Feeling overwhelmed with weighing all the risks of a pandemic? We don’t have to depend on contemporary understanding alone. Christians can use their beliefs to drive an approach to danger, starting with the conviction that our Father is sovereign. Christ our Savior created all things, and moment-by-moment, he sustains the created order. Here’s a simple eight-point Theology of Risk that can help us weigh responsibility and opportunity in a time of uncertainty.
- God invites us to be stewards of resources, not risk-avoiders.
The desire for personal security and safety does not control us. We are already secure in our Lord. Until he returns, the world will be a dangerous place. In the parable of the talents, the risk-averse servant loses his stewardship.
- God offers us wisdom in our planning and choices.
Scriptural examples guide us. In Matthew 10 and 28, Luke 10 and 22, Jesus taught his disciples how to deal with danger. They used tactics of vigilance, evasion and escape as well as boldness, confrontation and defiance.

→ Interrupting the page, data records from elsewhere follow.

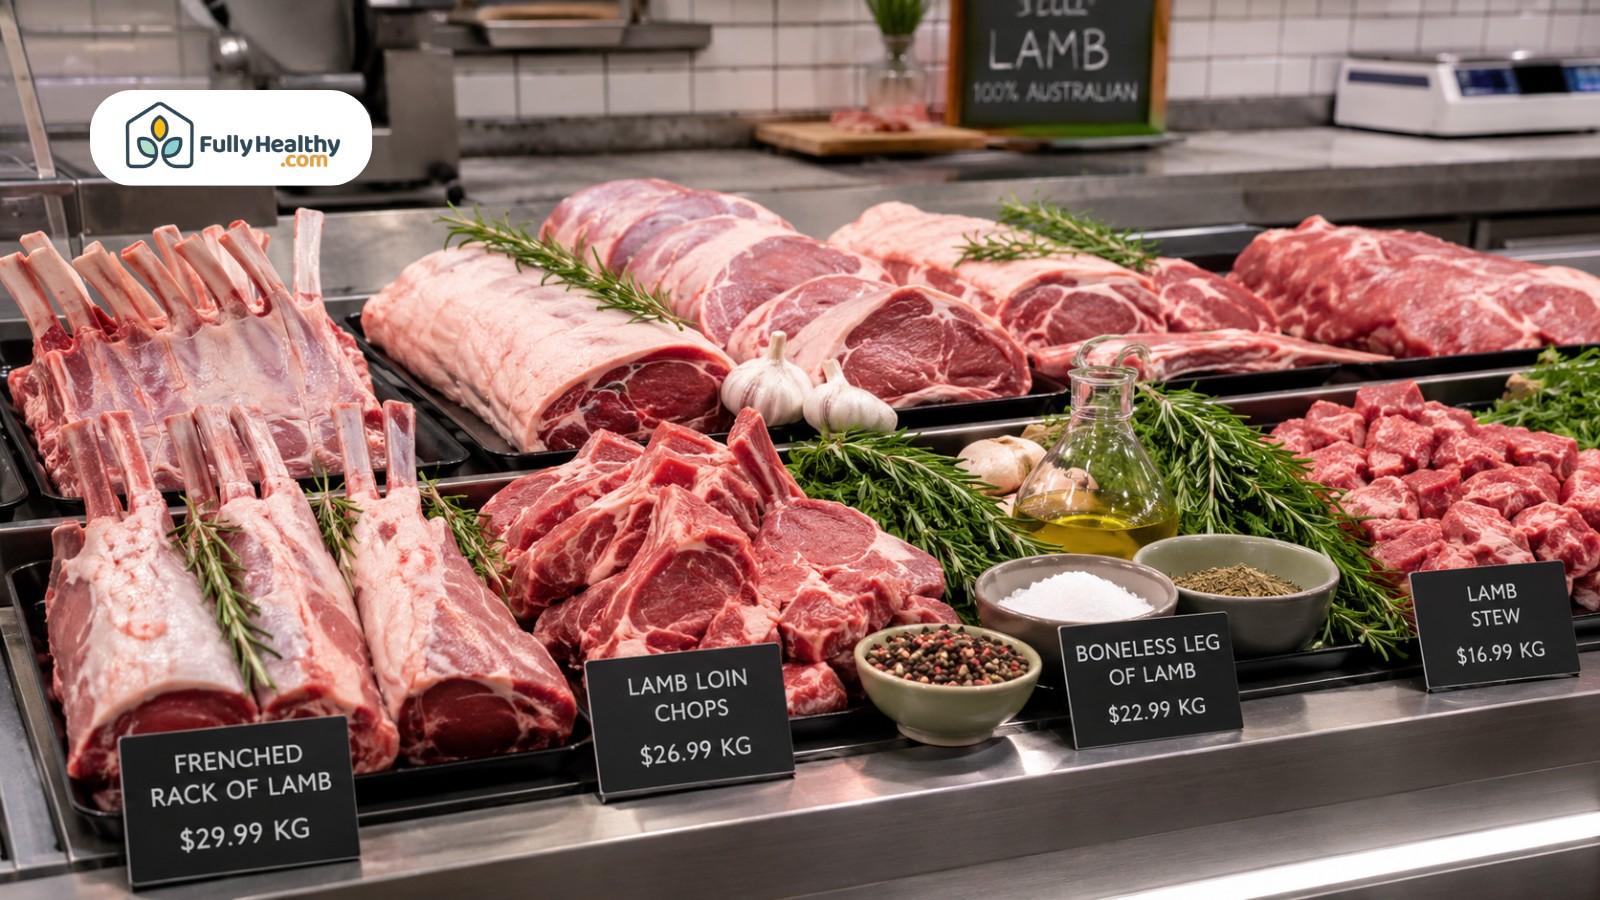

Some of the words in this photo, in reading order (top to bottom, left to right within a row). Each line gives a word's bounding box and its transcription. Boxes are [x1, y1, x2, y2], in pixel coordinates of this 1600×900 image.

[989, 28, 1109, 71] LAMB
[973, 82, 1018, 103] 100%
[1028, 81, 1138, 101] AUSTRALIAN
[1467, 583, 1517, 601] LAMB
[1472, 608, 1519, 627] STEW
[1076, 638, 1176, 662] BONELESS
[1184, 634, 1220, 652] LEG
[1457, 644, 1512, 666] $16.99
[1520, 641, 1545, 658] KG
[628, 674, 687, 695] LAMB
[696, 668, 747, 690] LOIN
[1109, 668, 1135, 685] OF
[1143, 663, 1196, 682] LAMB
[655, 699, 728, 722] CHOPS
[1109, 701, 1170, 725] $22.99
[1179, 697, 1205, 715] KG
[175, 745, 303, 774] FRENCHED
[641, 740, 711, 767] $26.99
[721, 736, 751, 756] KG
[151, 783, 217, 807] RACK
[227, 779, 258, 799] OF
[269, 772, 331, 795] LAMB
[181, 822, 262, 853] $29.99
[275, 818, 309, 840] KG

- Jesus sends us into danger.
The way he put it was “as sheep among wolves.” His strategy for us in that reality comes in the same verse. We are to be like the serpent and the dove–shrewd while innocent, smart while pure.
- Disciples are authorized to prepare modest deterrents.
Two swords were enough for 12 disciples, for instance. With Christ’s power we can deter harm and defend the treasures over which we have stewardship.
- Death is sometimes service.
Jesus’ death gives us this example. We don’t seek martyrdom, but we know that it may be required of us.
- The church is worth protecting.
The fact that Jesus paid the ultimate price for his church shows us that it is worth protecting.
- Jesus taught his disciples to pray for his kingdom to come and his will to be done on earth.
Until that prayer is fully answered we will accept the risks associated with going into all the world to make disciples, as he commanded us.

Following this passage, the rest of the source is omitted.